Da Bisanzio al Rinascimento: il viaggio di studio delle CI. Quando viene a mancare la postura istituzionale

Da Bisanzio al Rinascimento: il viaggio di studio delle CI. Quando viene a mancare la postura istituzionale
Comunicato Stampa. Da Bisanzio al Rinascimento: il viaggio di studio delle CI. Quando viene a mancare la postura istituzionale.

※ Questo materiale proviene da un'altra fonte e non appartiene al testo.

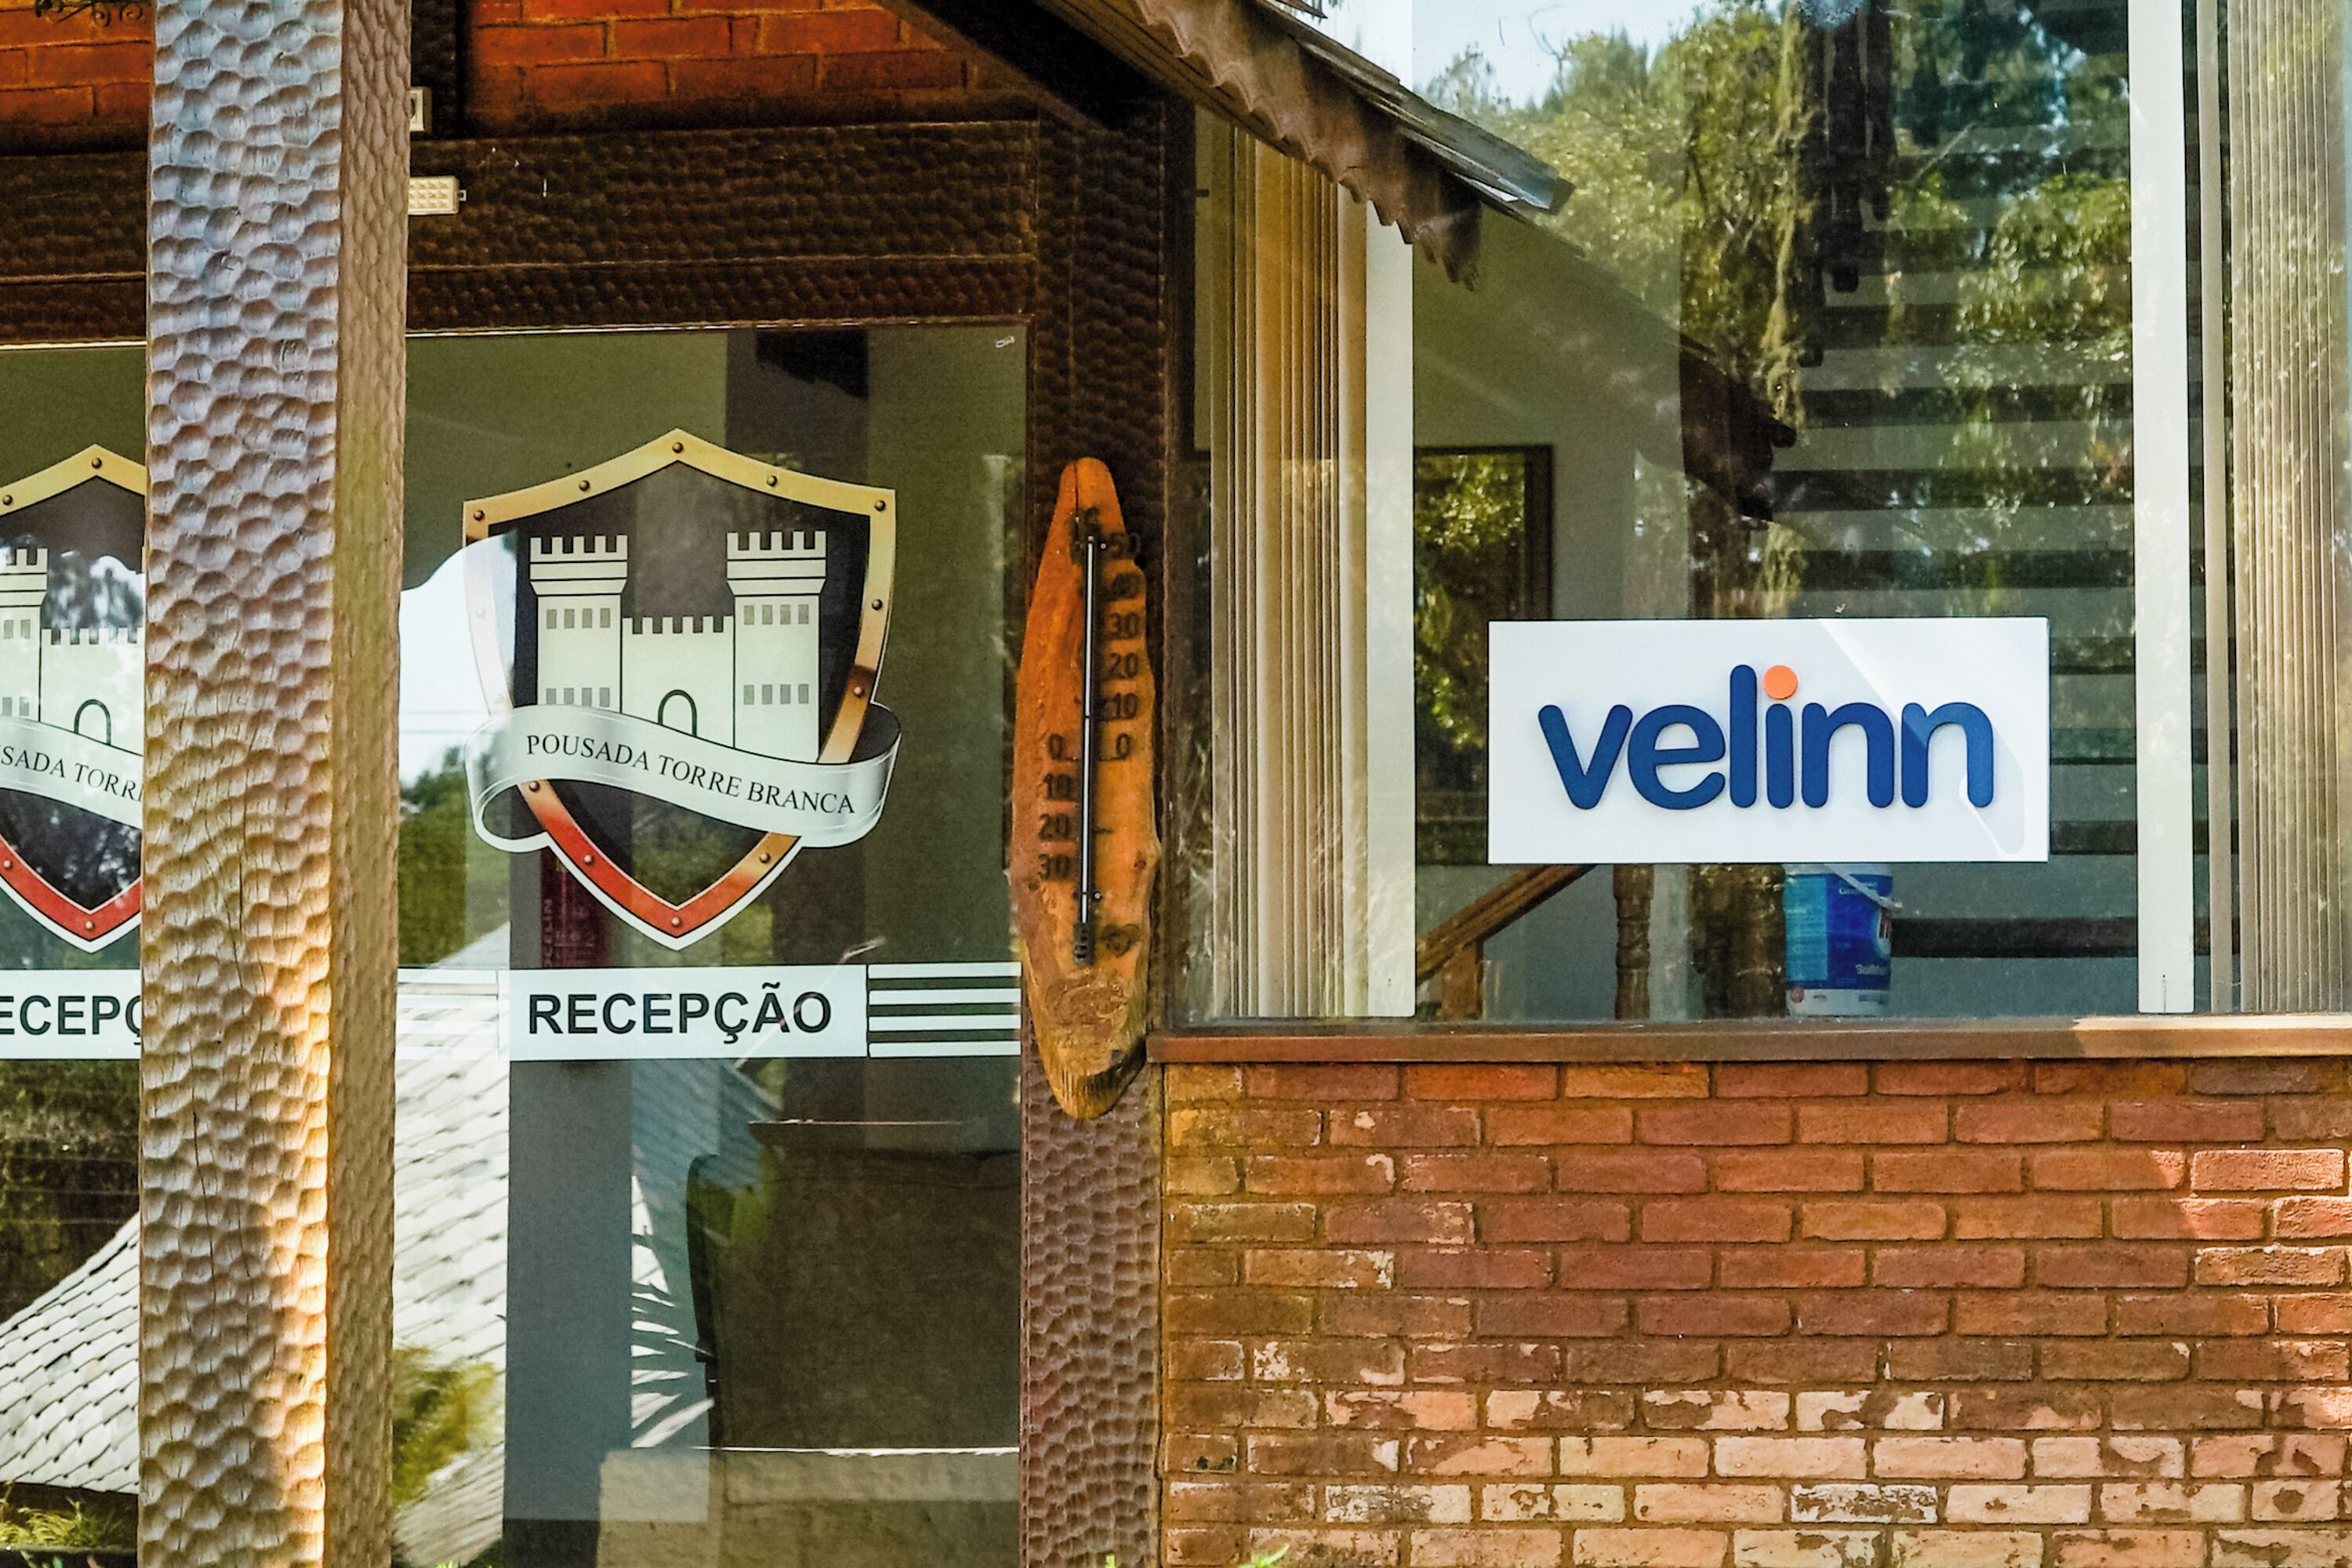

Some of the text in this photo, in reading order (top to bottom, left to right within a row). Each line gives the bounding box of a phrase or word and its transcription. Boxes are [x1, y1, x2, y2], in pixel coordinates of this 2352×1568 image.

[1108, 612, 1140, 639] 30
[1108, 652, 1139, 679] 20
[1113, 692, 1139, 719] 10
[1047, 732, 1064, 760] 0
[1116, 732, 1131, 759] 0
[1537, 664, 1994, 811] velinn
[526, 733, 855, 814] POUSADA TORRE BRANCA
[1043, 773, 1071, 800] 10
[1038, 813, 1069, 840] 20
[1037, 854, 1070, 880] 30
[528, 981, 832, 1044] RECEPÇÃO

Consultando i social media e leggendo La Voce del Popolo, apprendo che l’Università Popolare di Trieste e l’Unione Italiana, nello specifico il Settore “Comunità degli Italiani” della Giunta Esecutiva dell’Unione Italiana, incarico ricoperto dal Presidente della Giunta Esecutiva dell’Unione Italiana, hanno organizzato un viaggio di studi per 173 connazionali di 15 Comunità degli Italiani: Visinada, Mompaderno, Umago, Parenzo, Abbazia, Draga di Moschiena, Sissano, Gallesano, Fasana, Santa Domenica, Valle, Plostine, Lipik, Kutina e Zagabria, lungo le rotte da Bisanzio al Rinascimento.
Sia chiaro e a scanso di equivoci, sono fortemente favorevole a simili iniziative. Ho sostenuto da sempre la necessità di ripristinare le escursioni culturali dei soci delle nostre Comunità degli Italiani e dei Presidenti delle Comunità degli Italiani, soprattutto in questi anni in cui le risorse destinate all’Unione Italiana e alla Comunità Nazionale Italiana sono aumentate in maniera sostanziosa.
Ciò che mi ha sorpreso è stata, invece, l’assoluta mancanza di postura istituzionale da parte degli organizzatori del viaggio di studio in questione. Nel mio ruolo di Presidente dell’Unione Italiana non ne sapevo assolutamente nulla. Nessuno mi ha informato. Nessuno è stato mosso dal senso di responsabilità istituzionale di coinvolgere il Presidente dell’Unione Italiana. Siamo davanti ad una precisa volontà di esclusione del Presidente dell’Unione Italiana. Una scelta che mina la credibilità dell’Istituzione, viola i dettami dello Statuto dell’Unione Italiana di Fiume arrecandone un indubbio danno di immagine. Tutto ciò avviene, oltretutto, in un momento molto importante della vita della nostra Comunità Nazionale.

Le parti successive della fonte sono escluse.